*WHAT THE EXERCISE ASKS*
The line containing "this 1600×1200 image." and all lines following it in the listing below are to be reproduced exactly, with no other lines.

* * * * * * *

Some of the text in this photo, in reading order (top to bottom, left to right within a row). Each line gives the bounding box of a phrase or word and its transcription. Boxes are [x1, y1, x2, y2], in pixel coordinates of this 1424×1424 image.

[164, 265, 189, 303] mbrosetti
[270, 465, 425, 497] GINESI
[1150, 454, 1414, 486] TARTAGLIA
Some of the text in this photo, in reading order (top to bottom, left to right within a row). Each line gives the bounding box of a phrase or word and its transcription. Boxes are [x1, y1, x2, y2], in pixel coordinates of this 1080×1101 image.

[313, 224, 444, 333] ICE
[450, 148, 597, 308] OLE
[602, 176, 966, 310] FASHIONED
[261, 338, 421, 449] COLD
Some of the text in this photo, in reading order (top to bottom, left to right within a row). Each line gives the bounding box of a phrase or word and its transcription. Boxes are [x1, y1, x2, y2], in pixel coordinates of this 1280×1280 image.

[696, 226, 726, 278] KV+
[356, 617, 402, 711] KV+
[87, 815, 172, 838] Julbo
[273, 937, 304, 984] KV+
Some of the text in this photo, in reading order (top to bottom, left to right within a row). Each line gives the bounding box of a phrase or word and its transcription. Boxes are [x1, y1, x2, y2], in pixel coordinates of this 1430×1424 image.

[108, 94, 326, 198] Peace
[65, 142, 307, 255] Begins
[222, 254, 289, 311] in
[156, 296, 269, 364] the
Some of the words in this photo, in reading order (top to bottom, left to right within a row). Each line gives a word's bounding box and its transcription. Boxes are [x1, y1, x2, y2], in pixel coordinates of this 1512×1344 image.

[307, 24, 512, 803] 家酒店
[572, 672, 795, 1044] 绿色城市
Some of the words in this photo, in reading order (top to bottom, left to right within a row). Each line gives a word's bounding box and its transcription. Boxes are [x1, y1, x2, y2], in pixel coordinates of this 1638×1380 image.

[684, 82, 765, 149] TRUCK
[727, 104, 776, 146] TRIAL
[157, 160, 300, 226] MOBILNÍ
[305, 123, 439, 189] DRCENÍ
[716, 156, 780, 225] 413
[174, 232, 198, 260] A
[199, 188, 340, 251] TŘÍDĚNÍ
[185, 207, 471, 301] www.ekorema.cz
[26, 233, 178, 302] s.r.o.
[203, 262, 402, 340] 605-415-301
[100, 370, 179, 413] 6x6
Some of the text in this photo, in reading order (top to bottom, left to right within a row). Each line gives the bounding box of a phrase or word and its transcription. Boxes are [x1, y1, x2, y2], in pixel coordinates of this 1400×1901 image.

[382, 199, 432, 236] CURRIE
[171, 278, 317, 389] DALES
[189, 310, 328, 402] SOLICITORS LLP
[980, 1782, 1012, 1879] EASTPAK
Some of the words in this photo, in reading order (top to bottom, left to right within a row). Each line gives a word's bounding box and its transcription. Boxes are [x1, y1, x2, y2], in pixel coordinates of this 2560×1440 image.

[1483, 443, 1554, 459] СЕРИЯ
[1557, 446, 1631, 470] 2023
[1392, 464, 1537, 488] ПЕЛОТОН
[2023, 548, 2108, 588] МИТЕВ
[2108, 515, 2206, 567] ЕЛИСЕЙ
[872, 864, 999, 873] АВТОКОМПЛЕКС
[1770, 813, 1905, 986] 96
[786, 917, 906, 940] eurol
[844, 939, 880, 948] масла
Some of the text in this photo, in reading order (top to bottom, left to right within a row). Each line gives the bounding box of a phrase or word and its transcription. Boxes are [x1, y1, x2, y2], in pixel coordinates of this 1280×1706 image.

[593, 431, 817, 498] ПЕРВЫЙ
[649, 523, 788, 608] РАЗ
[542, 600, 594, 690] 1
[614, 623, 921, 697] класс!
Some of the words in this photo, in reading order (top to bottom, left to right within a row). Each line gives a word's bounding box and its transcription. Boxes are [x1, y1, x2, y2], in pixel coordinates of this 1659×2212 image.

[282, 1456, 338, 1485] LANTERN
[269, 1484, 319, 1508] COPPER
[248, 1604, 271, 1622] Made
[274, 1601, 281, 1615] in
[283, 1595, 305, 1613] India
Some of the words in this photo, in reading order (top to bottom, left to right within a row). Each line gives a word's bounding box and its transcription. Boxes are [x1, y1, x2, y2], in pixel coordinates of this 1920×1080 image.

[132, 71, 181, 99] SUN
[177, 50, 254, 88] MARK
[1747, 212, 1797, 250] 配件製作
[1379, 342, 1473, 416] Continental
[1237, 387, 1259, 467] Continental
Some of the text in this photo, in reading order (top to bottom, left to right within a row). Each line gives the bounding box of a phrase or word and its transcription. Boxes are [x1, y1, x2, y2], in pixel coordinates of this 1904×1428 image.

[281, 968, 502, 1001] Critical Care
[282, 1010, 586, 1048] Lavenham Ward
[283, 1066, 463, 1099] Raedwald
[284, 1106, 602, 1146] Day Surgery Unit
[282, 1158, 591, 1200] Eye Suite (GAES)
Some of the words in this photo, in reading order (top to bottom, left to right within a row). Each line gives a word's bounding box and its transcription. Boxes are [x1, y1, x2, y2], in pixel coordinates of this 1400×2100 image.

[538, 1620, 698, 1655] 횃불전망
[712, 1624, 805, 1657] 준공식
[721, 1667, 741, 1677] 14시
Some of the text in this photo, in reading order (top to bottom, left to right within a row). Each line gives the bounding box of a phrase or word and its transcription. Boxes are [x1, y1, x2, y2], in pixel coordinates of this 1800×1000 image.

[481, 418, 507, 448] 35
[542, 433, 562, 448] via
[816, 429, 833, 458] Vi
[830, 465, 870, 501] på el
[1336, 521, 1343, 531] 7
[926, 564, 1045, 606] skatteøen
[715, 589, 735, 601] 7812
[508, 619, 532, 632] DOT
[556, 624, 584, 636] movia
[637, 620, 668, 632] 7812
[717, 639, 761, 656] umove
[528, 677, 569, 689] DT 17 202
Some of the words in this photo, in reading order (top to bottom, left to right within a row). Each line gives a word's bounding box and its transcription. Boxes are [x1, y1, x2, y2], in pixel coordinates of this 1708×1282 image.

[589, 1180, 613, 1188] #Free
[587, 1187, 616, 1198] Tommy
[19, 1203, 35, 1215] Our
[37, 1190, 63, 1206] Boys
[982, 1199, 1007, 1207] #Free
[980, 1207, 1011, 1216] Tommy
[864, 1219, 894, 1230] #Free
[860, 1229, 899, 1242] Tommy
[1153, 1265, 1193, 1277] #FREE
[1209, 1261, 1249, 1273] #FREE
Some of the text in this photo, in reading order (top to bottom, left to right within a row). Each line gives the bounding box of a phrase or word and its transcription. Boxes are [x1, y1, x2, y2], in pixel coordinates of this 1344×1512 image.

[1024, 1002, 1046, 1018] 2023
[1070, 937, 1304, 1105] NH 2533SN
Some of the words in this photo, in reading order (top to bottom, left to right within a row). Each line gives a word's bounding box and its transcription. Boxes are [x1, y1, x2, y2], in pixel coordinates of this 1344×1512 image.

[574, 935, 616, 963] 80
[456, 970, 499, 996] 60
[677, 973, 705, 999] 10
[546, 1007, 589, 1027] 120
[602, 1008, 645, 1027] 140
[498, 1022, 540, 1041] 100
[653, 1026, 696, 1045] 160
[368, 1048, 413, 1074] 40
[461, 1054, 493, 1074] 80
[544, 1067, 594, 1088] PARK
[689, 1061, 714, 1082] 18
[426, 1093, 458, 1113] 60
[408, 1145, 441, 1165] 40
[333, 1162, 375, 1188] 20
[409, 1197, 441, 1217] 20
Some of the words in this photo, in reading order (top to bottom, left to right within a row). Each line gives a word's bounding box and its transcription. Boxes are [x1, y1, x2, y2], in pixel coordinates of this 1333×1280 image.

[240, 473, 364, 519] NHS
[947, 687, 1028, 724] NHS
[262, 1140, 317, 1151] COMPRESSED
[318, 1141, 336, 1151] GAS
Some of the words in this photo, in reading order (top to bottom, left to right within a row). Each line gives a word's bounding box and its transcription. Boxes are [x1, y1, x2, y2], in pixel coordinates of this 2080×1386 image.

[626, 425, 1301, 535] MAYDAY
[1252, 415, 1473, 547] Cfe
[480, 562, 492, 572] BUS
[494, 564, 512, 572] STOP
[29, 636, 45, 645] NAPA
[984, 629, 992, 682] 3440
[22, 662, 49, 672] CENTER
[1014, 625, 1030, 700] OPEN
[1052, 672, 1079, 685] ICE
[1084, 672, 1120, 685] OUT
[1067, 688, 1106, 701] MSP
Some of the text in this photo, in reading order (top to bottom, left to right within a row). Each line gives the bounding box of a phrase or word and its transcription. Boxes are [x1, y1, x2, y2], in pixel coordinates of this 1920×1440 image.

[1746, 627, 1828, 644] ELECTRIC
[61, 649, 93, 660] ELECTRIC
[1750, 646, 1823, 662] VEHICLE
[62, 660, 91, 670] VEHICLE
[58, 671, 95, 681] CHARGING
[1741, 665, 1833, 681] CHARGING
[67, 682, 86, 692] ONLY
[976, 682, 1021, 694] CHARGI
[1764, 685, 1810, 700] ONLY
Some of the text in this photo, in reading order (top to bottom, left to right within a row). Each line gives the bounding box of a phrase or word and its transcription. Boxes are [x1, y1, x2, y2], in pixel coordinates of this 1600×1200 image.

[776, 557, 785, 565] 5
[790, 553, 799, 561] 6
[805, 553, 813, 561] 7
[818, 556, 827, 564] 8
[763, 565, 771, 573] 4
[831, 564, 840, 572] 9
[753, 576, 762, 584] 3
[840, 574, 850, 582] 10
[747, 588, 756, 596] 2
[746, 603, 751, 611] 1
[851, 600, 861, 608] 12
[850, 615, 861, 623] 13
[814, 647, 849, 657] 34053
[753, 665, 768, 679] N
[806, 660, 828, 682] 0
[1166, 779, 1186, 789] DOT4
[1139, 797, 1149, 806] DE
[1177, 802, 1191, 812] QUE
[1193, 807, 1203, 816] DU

* * * * * * *

*ANSWER*
Some of the text in this photo, in reading order (top to bottom, left to right within a row). Each line gives the bounding box of a phrase or word and its transcription. Boxes are [x1, y1, x2, y2], in pixel coordinates of this 1600×1200 image.

[776, 557, 785, 565] 5
[790, 553, 799, 561] 6
[805, 553, 813, 561] 7
[818, 556, 827, 564] 8
[763, 565, 771, 573] 4
[831, 564, 840, 572] 9
[753, 576, 762, 584] 3
[840, 574, 850, 582] 10
[747, 588, 756, 596] 2
[746, 603, 751, 611] 1
[851, 600, 861, 608] 12
[850, 615, 861, 623] 13
[814, 647, 849, 657] 34053
[753, 665, 768, 679] N
[806, 660, 828, 682] 0
[1166, 779, 1186, 789] DOT4
[1139, 797, 1149, 806] DE
[1177, 802, 1191, 812] QUE
[1193, 807, 1203, 816] DU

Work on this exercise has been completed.